■ TASK INPUTS

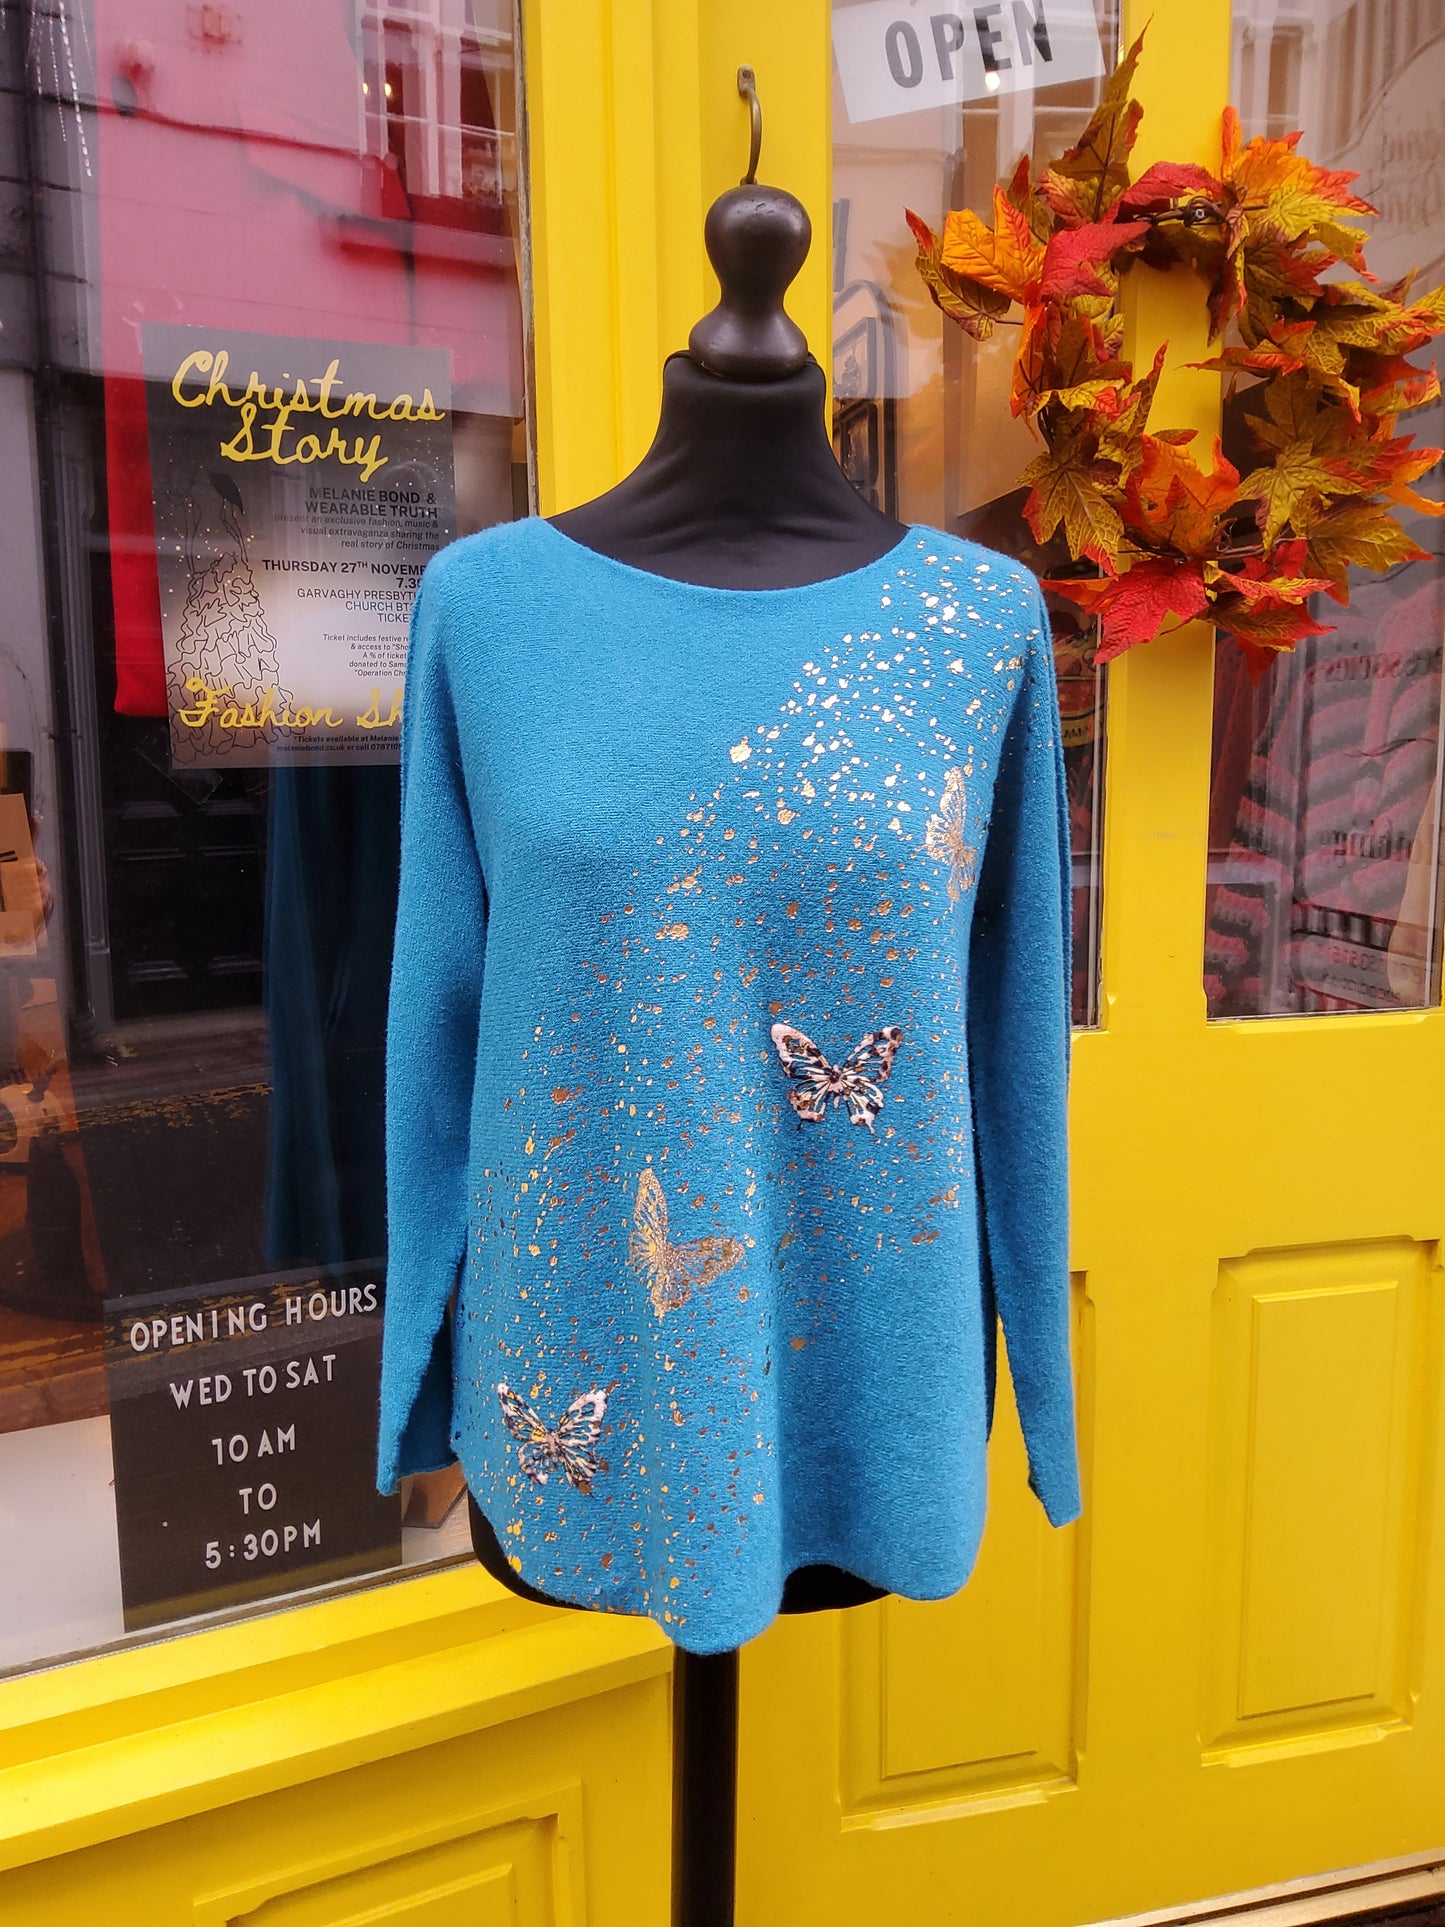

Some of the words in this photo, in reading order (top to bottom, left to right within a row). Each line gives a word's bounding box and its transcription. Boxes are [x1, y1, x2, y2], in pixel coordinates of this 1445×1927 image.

[885, 0, 1053, 88] OPEN
[171, 350, 446, 421] Christmas
[220, 403, 388, 482] Story
[309, 487, 375, 500] MELANIE
[379, 490, 420, 504] BOND
[426, 493, 436, 505] &
[305, 501, 387, 517] WEARABLE
[390, 505, 438, 519] TRUTH
[324, 516, 367, 525] exclusive
[405, 520, 430, 528] music
[432, 520, 438, 528] &
[329, 527, 388, 538] extravaganza
[391, 529, 423, 540] sharing
[425, 530, 440, 540] the
[341, 539, 358, 548] real
[361, 540, 383, 550] story
[385, 540, 394, 549] of
[396, 541, 440, 551] Christmas
[262, 559, 338, 573] THURSDAY
[341, 561, 368, 573] 27TH
[297, 588, 361, 600] GARVAGHY
[345, 600, 393, 612] CHURCH
[323, 633, 345, 641] Ticket
[347, 634, 376, 642] includes
[378, 634, 402, 642] festive
[349, 660, 378, 668] donated
[178, 677, 343, 729] Fashion
[326, 735, 359, 743] available
[370, 734, 399, 742] Melanie
[355, 743, 370, 751] call
[130, 1303, 268, 1352] OPENING
[285, 1284, 378, 1326] HOURS
[169, 1374, 232, 1410] WED
[243, 1365, 278, 1397] TO
[286, 1354, 337, 1389] SAT
[239, 1483, 278, 1515] TO
[205, 1519, 322, 1570] 5:30PM

■ WHAT IS REQUIRED
Please set down the whole listing exactly, apart from the pictures.

■ EXERCISE SOLUTION
Some of the words in this photo, in reading order (top to bottom, left to right within a row). Each line gives a word's bounding box and its transcription. Boxes are [x1, y1, x2, y2], in pixel coordinates of this 1445×1927 image.

[885, 0, 1053, 88] OPEN
[171, 350, 446, 421] Christmas
[220, 403, 388, 482] Story
[309, 487, 375, 500] MELANIE
[379, 490, 420, 504] BOND
[426, 493, 436, 505] &
[305, 501, 387, 517] WEARABLE
[390, 505, 438, 519] TRUTH
[324, 516, 367, 525] exclusive
[405, 520, 430, 528] music
[432, 520, 438, 528] &
[329, 527, 388, 538] extravaganza
[391, 529, 423, 540] sharing
[425, 530, 440, 540] the
[341, 539, 358, 548] real
[361, 540, 383, 550] story
[385, 540, 394, 549] of
[396, 541, 440, 551] Christmas
[262, 559, 338, 573] THURSDAY
[341, 561, 368, 573] 27TH
[297, 588, 361, 600] GARVAGHY
[345, 600, 393, 612] CHURCH
[323, 633, 345, 641] Ticket
[347, 634, 376, 642] includes
[378, 634, 402, 642] festive
[349, 660, 378, 668] donated
[178, 677, 343, 729] Fashion
[326, 735, 359, 743] available
[370, 734, 399, 742] Melanie
[355, 743, 370, 751] call
[130, 1303, 268, 1352] OPENING
[285, 1284, 378, 1326] HOURS
[169, 1374, 232, 1410] WED
[243, 1365, 278, 1397] TO
[286, 1354, 337, 1389] SAT
[239, 1483, 278, 1515] TO
[205, 1519, 322, 1570] 5:30PM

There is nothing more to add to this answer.